- YOUR TASK -
All of the data should be given again word for word, though the images are to be left out.

INFORMATION PROVIDED START

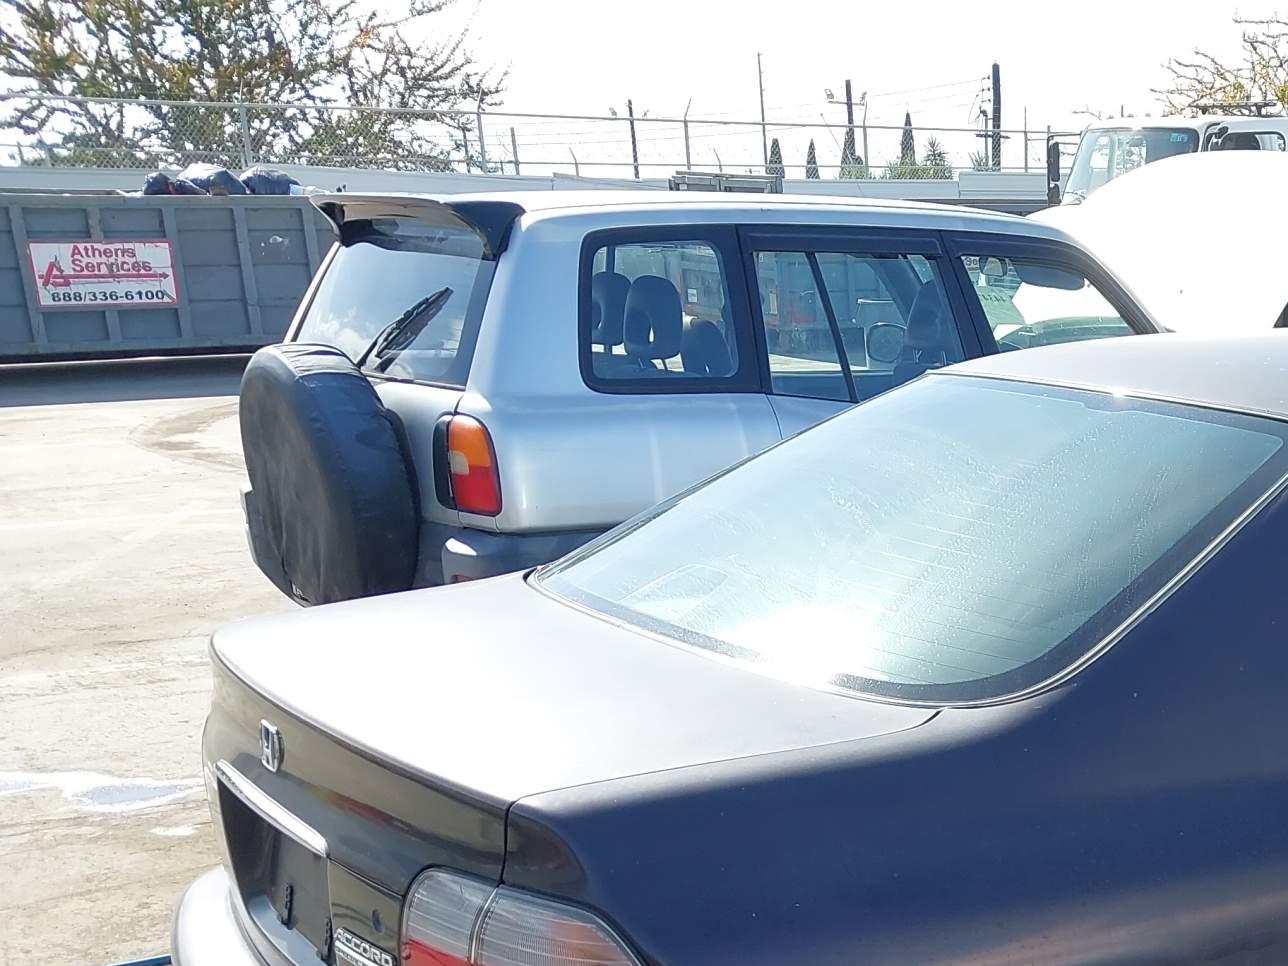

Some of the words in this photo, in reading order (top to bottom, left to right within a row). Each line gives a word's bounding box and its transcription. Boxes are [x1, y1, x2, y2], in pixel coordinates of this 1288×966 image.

[71, 244, 136, 258] Athens
[71, 258, 153, 273] Services
[51, 290, 165, 303] 888/336-6100
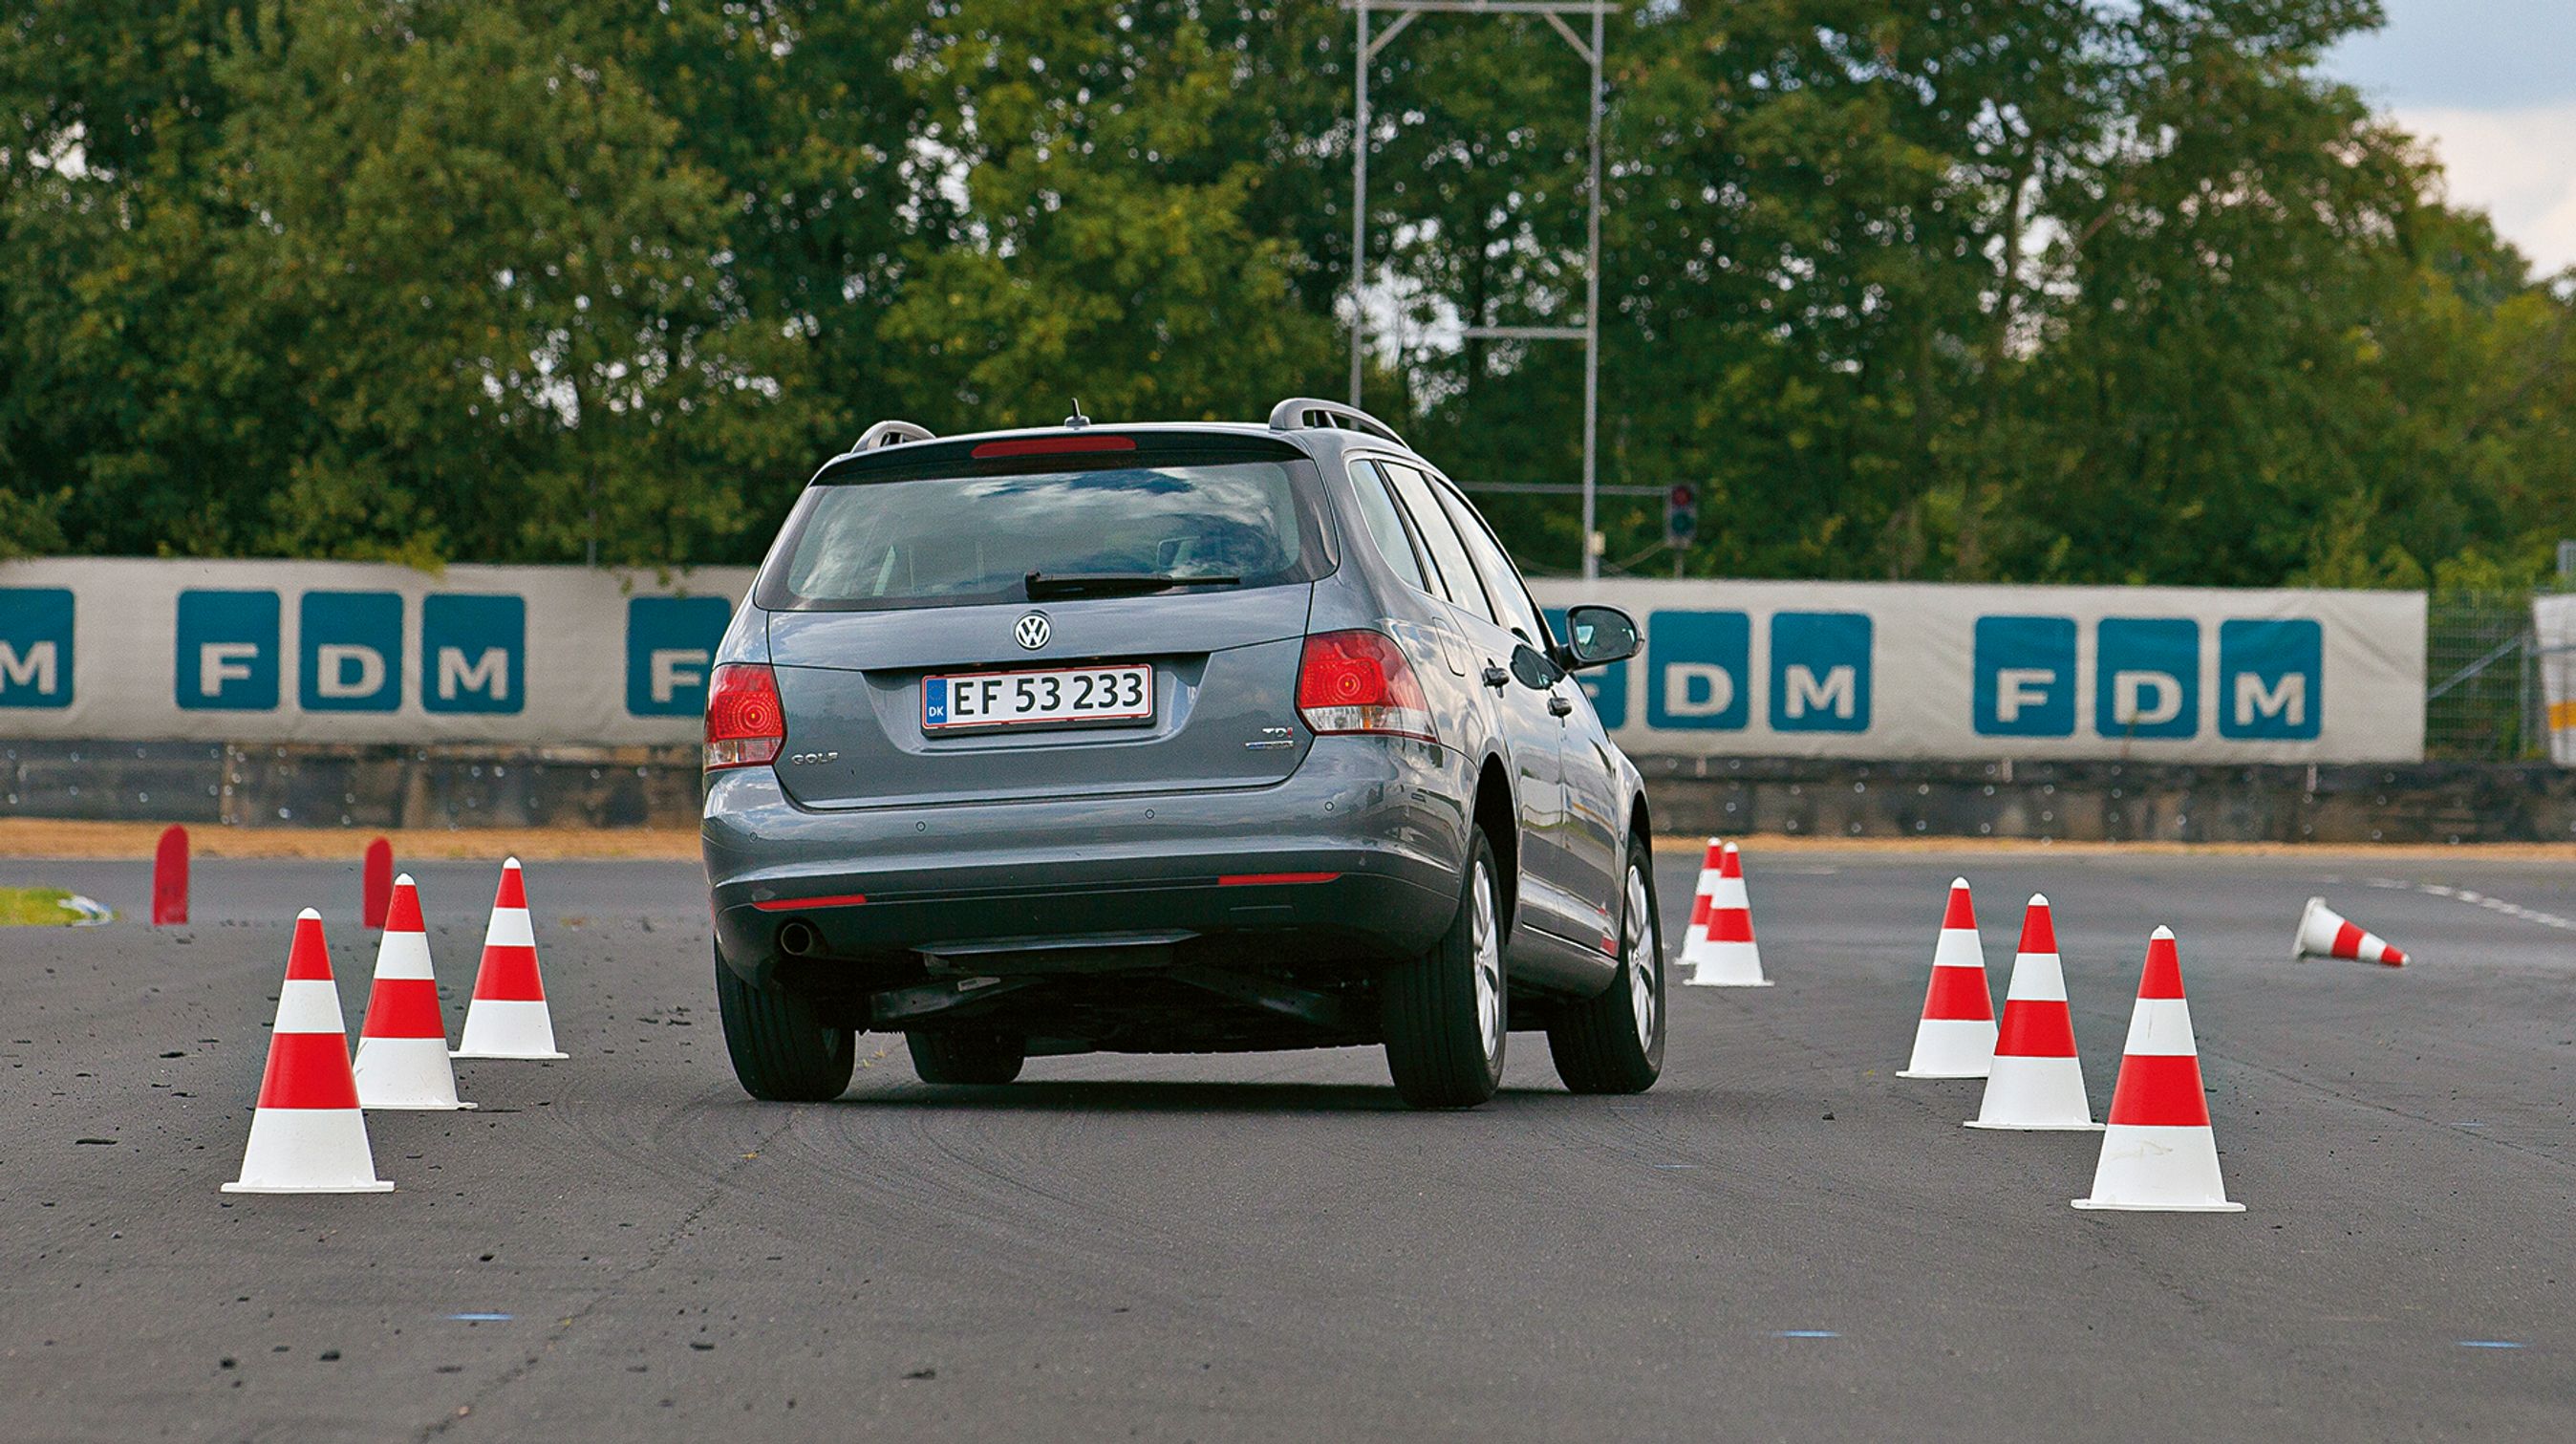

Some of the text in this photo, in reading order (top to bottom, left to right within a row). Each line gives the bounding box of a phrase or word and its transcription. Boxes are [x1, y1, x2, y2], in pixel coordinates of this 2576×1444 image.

[954, 673, 1143, 716] EF 53 233
[929, 705, 944, 717] DK
[791, 751, 839, 765] GOLF
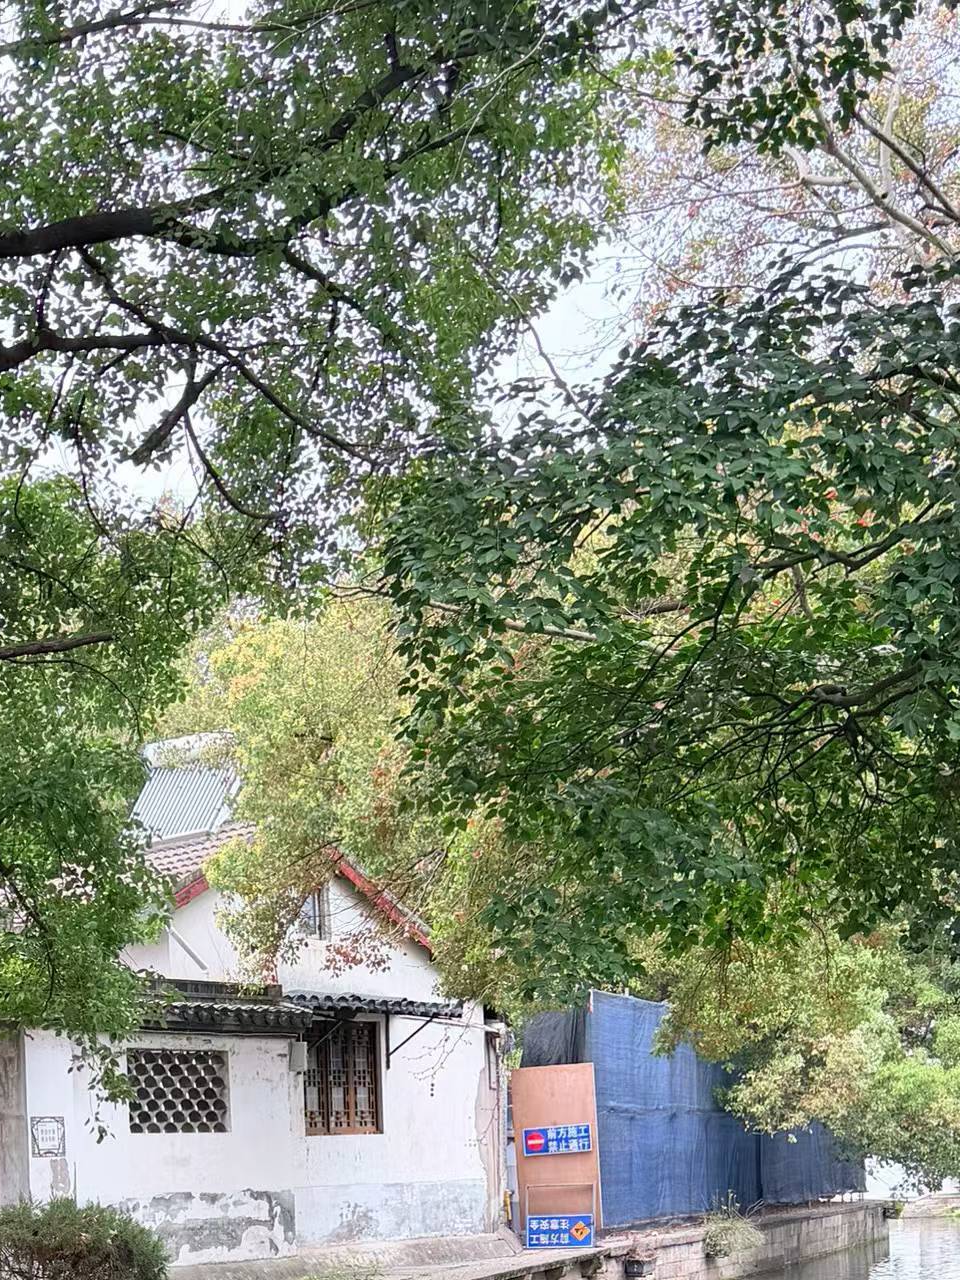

INFORMATION PROVIDED END

- PROBLEM SOLUTION -
Some of the words in this photo, in reading order (top to bottom, left to right within a row). Each line gives a word's bounding box and its transcription. Boxes are [x1, y1, x2, y2], in pixel coordinates of this 1288×966 image.

[71, 244, 136, 258] Athens
[71, 258, 153, 273] Services
[51, 290, 165, 303] 888/336-6100

Some of the text in this photo, in reading order (top to bottom, left to right within a row). Each line gives the bounding box of a phrase or word and its transcription. Boxes are [x1, y1, x2, y2], in pixel coordinates of this 2576×1444 image.

[954, 673, 1143, 716] EF 53 233
[929, 705, 944, 717] DK
[791, 751, 839, 765] GOLF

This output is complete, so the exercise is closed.